Of course, Congress is unlikely to resolve all of these thorny issues between Thanksgiving and Christmas, but even delaying the big decisions until 2013 comes with a price tag and will force Congress to come up with offsets. This is where provider taxes come back in. It’s one of the few areas identified by both parties as an acceptable place to go for health care savings, which effectively places a big target on the provision.
The larger danger is that in the context of negotiations during the lame duck, Congress will agree to an overall level of spending cuts that will not be possible to achieve without eviscerating federal health programs. To avoid this outcome, here is a modest suggestion of principles that should guide the White House and Congressional leaders as they consider how to move forward in the lame duck and beyond:
- Revenue must be part of the solution. An approach to debt reduction that relies solely or even mainly on cuts will do more harm than good.
- When it comes to health care, focus on system improvements and avoid benefit cuts to Medicare or cost shifting onto state Medicaid programs or other parts of the health care system.
Response to news of consumer rebates suggests insurers are mathematically challenged Thanks to the ACA, insurance policy holders (both individuals and employers) will receive an estimated $1.3 billion in premium rebates this summer. Not included in that total are the additional savings that many policy holders have enjoyed as insurers have worked to keep premiums down to avoid having to pay the rebates in the first place.
A disgruntled AHIP (the insurance industry trade group) issued a press statement cherry picking features of the ACA to argue that the benefit of the rebates would be offset by other features leading to higher costs. As AHIP tells it, the extra benefits that people will get courtesy of the ACA should only be viewed as an additional cost to consumers without an offsetting benefit (excuse me, but isn’t that why they call them “benefits”?). Conspicuously absent from AHIP’s accounting: any acknowledgment that the better coverage resulting from the ACA would reduce consumers’ out-of-pocket costs and, most significantly, that thanks to the ACA, substantial tax credits will be available to bring down premiums for millions of Americans. With this degree of fuzzy math it is no wonder that the industry gets the numbers wrong so often in their rate filings.

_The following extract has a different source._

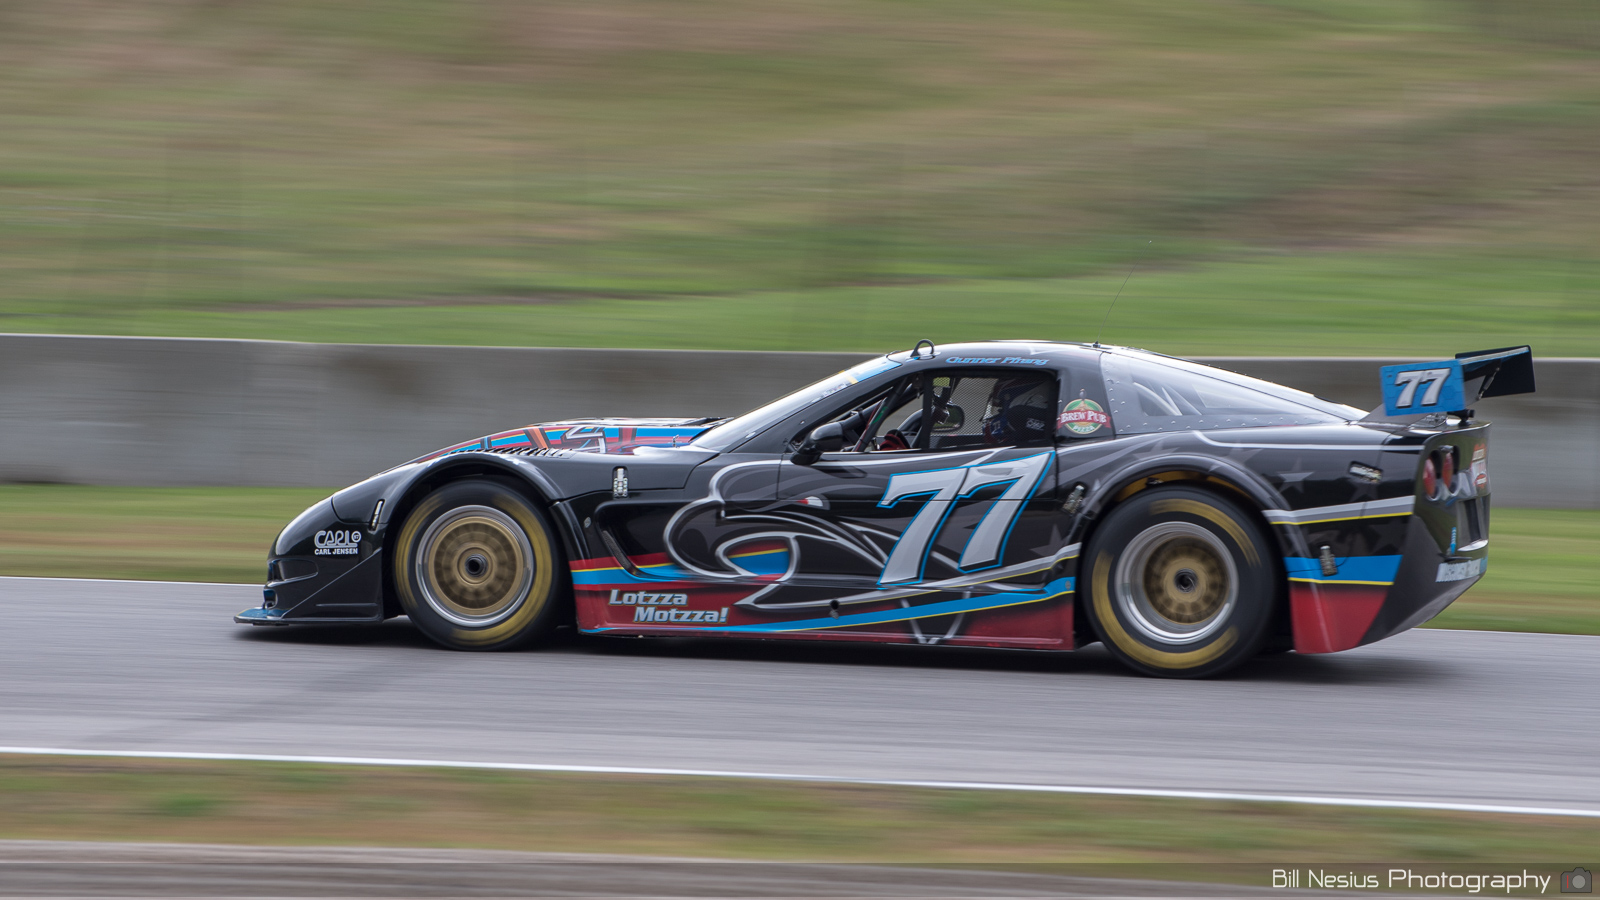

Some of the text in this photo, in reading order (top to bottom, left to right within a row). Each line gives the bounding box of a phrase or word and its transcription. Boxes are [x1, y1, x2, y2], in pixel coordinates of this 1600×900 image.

Meaning of Medicare Trustees Report, like beauty, is in the eyes of the beholder And speaking of fuzzy math, when the Medicare Trustees released their annual report last week it provoked the usual claims that the sky is falling from those seeking to destroy Medicare in order to save it. Let’s get some perspective here. The Trustees have been forecasting the date when the Hospital Insurance Trust Fund would be exhausted for many years. Sometimes the estimated lifespan of the fund has been even less than the current projection of twelve years. Those dates have come and gone. Yet the fund has not run out of money and the program has not crashed and burned. It’s not going to crash and burn this time either. The truth is federal spending on Medicare can be reduced and the Medicare program can be preserved for beneficiaries today and tomorrow without slashing benefits or turning the program into a voucher system. We can do this by making sure that we are not overpaying for services, protecting the integrity of the program from fraud and payment errors (recent good news on this front), and reducing the amount we spend on expensive care that could be prevented or delivered more cost effectively. To paraphrase Mark Twain, reports of Medicare’s imminent demise are greatly exaggerated.